5. How to make your own soil

To make your own soil mix you need to have in mind the conditions that you will have during your growing cycle, things like temperature and humidity may have an influence in the best mix, so make sure you know the conditions before mixing your soil.

Best nutrients for soil

We recommend always using organic nutrients when growing in soil because soil it’s organic matter and contains microorganisms that can greatly benefit your autoflowering plants if taken care of properly.

We cannot recommend a certain brand or organic nutrients line but as long as you’re using high-quality organic nutrients and use them appropriately, you’ll be fine.

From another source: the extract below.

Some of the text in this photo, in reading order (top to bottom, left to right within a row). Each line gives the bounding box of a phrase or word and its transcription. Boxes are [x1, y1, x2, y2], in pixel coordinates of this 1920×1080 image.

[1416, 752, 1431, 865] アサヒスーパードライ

Just make sure the nutrients are 100% organic and keep an eye on the pH level because a drastic increase or decrease can ultimately kill the microorganisms present in your soil.

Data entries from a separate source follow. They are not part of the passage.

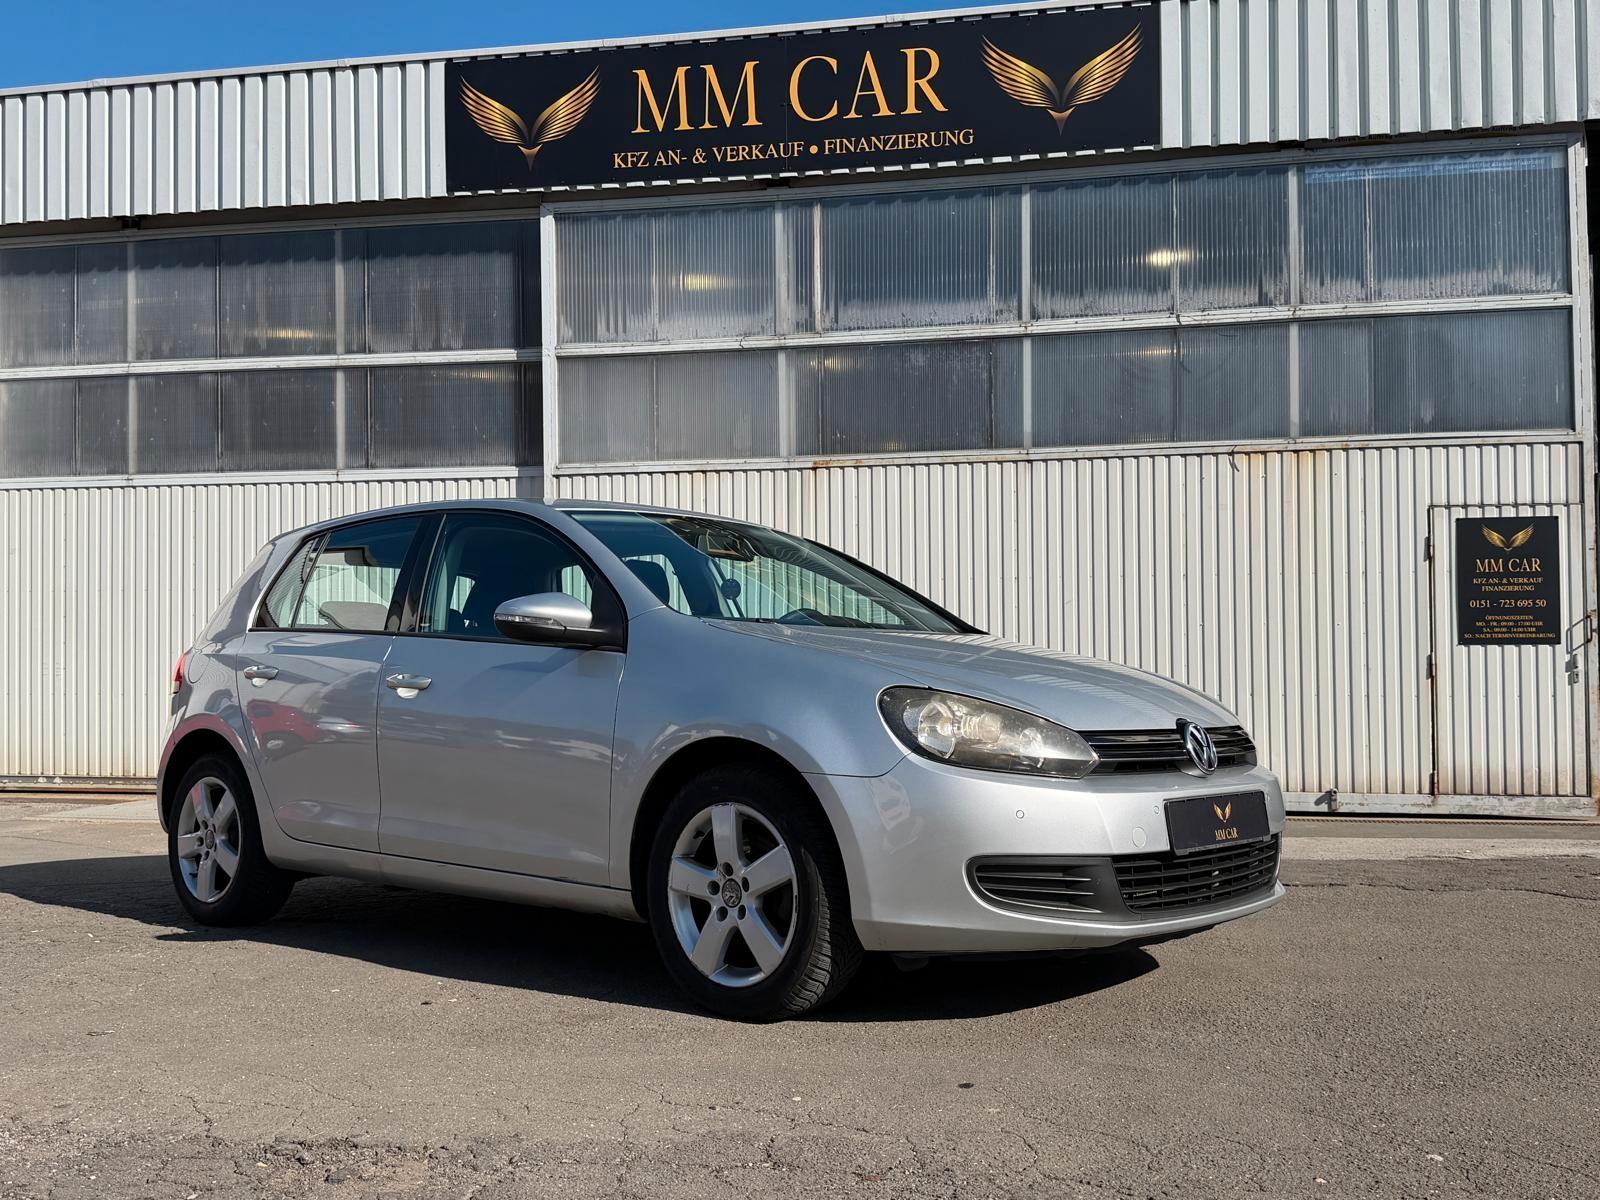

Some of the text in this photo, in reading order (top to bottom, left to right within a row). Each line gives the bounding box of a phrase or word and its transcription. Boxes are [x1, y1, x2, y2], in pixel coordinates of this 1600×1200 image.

[631, 47, 949, 134] MM CAR
[613, 129, 975, 169] KFZ AN- & VERKAUF FINANZIERUNG
[1476, 557, 1541, 573] MM CAR
[1469, 599, 1491, 608] 0151
[1499, 599, 1515, 608] 723
[1517, 599, 1533, 608] 695
[1535, 599, 1547, 608] 50

Benefits of good quality soil and what to keep in mind when you’re looking for the best soil for cannabis possible.

Cheap mix for DIY soil

Even though you can find organic nutrients in your local grow shops, they can be quite expensive so if you’re on a budget there are good alternatives that are relatively cheap.

There are several other methods to make your own organic nutrients such as KNF and Bokashi.

Depending on the space you have available, you can try composting or vermicomposting, these methods allow you to make your own tailored organic soil that will provide everything you need without spending too much.

Best soil for beginners

If you’re a beginner grower and don’t know exactly how things work, here is a general soil recipe that will work fantastically in almost all types of weathers, just remember that as time passes and you get more experienced, it’s ideal you adjust it to your specific needs.

General DIY soil recipe mix:
  • 80% organic soil
  • 10% perlite
  • 10% coco fiber

Remember that you can and should tweak it to your needs, but as long as you maintain a similar ratio your autoflowering plants will grow exceptionally.

PH too high or pH too low

If the pH of your medium is too high or too low, you should check the nutrient solution you’re feeding, have in mind that most additives are sterile and neutral so if you’re experiencing pH problems you should check the water source and nutrient solution.

Best soil for marijuana

The best soil mix for autoflowers or best marijuana soil, in general, will depend on the weather you have throughout your grow cycle, by following the table you can easily choose the one that better suits you.

Advantages of soil additives when growing autoflowering plants
Additive When to use Advantages
Coco fiber Use in dry environments or to improve soil quality. Holds water and helps avoid soil compaction.
Biochar Use in dry climates or when growing in organic soil. Improve water retention and helps decompose nutrients faster.
Perlite Used to help aerate the soil in humid environments. Helps dry the soil faster and increases aeration.
Vermiculite Used in dry environments, helps keep the soil moist. Improves soil quality and helps keep it moist.

As a general rule, you should always use 70-80% of organic soil mixed with the additive of your choice, always have in mind to use additives with different properties, for example, vermiculite shouldn’t be used with coco fiber because both absorb a lot of water and can cause overwatering.

  • 70% organic soil
  • 15% perlite
  • 15% coco fiber or 15% biochar or 15% vermiculite

For the best soil for autoflower plants, we recommend using 70-80% organic soil mixed with 15% perlite and 15% coco fiber, or substituting coco for vermiculite or biochar, always respecting their properties to avoid having oxygen or water in excess.

Remember that for the best growing medium for autoflowers, you should be on the lookout for the tips your plants give you and adjust the ratio if needed.

6. In conclusion

There isn’t a best soil for weed, in general, having all of the nutrients covered is one-half of a top-quality soil for marijuana, however, it should also have the ideal ratio of drainage, air pockets, and wicking action so we recommend looking into super soil for autoflowers.

Once you have found the ultimate balance, you can now confidently re-use your organic growing medium for multiple crops with the understanding the more time the living soil food web has to develop, the greater the results in terms of plant performance and yields.